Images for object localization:
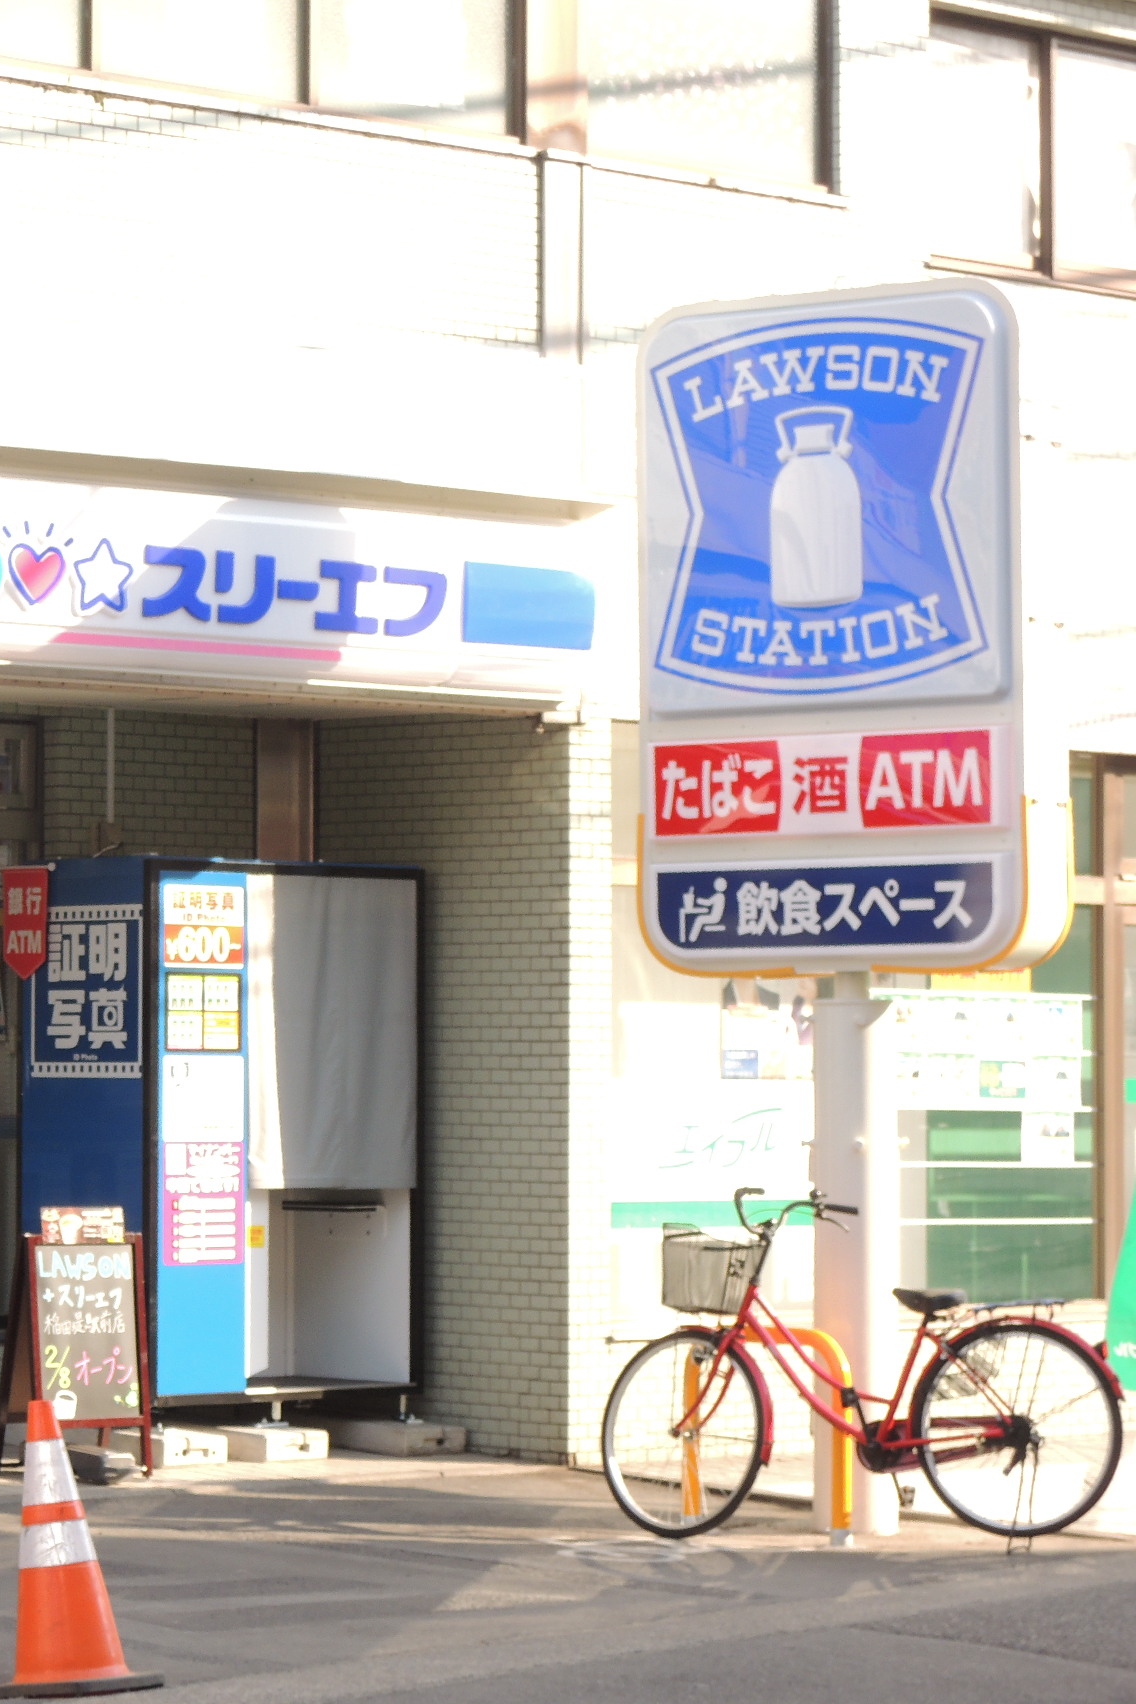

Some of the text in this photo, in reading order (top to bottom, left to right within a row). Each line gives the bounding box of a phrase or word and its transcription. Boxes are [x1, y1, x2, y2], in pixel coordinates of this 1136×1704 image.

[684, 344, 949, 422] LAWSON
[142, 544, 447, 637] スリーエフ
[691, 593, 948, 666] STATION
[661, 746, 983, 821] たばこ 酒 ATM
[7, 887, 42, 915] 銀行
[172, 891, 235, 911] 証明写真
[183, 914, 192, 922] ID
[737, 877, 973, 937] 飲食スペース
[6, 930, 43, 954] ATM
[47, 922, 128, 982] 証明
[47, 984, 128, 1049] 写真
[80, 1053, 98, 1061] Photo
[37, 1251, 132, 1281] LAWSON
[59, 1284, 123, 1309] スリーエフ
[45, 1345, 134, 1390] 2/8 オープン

■ Task requirements: Skip the pictures and reproduce all remaining entries exactly.

■ Output for this task:
Some of the text in this photo, in reading order (top to bottom, left to right within a row). Each line gives the bounding box of a phrase or word and its transcription. Boxes are [x1, y1, x2, y2], in pixel coordinates of this 1136×1704 image.

[684, 344, 949, 422] LAWSON
[142, 544, 447, 637] スリーエフ
[691, 593, 948, 666] STATION
[661, 746, 983, 821] たばこ 酒 ATM
[7, 887, 42, 915] 銀行
[172, 891, 235, 911] 証明写真
[183, 914, 192, 922] ID
[737, 877, 973, 937] 飲食スペース
[6, 930, 43, 954] ATM
[47, 922, 128, 982] 証明
[47, 984, 128, 1049] 写真
[80, 1053, 98, 1061] Photo
[37, 1251, 132, 1281] LAWSON
[59, 1284, 123, 1309] スリーエフ
[45, 1345, 134, 1390] 2/8 オープン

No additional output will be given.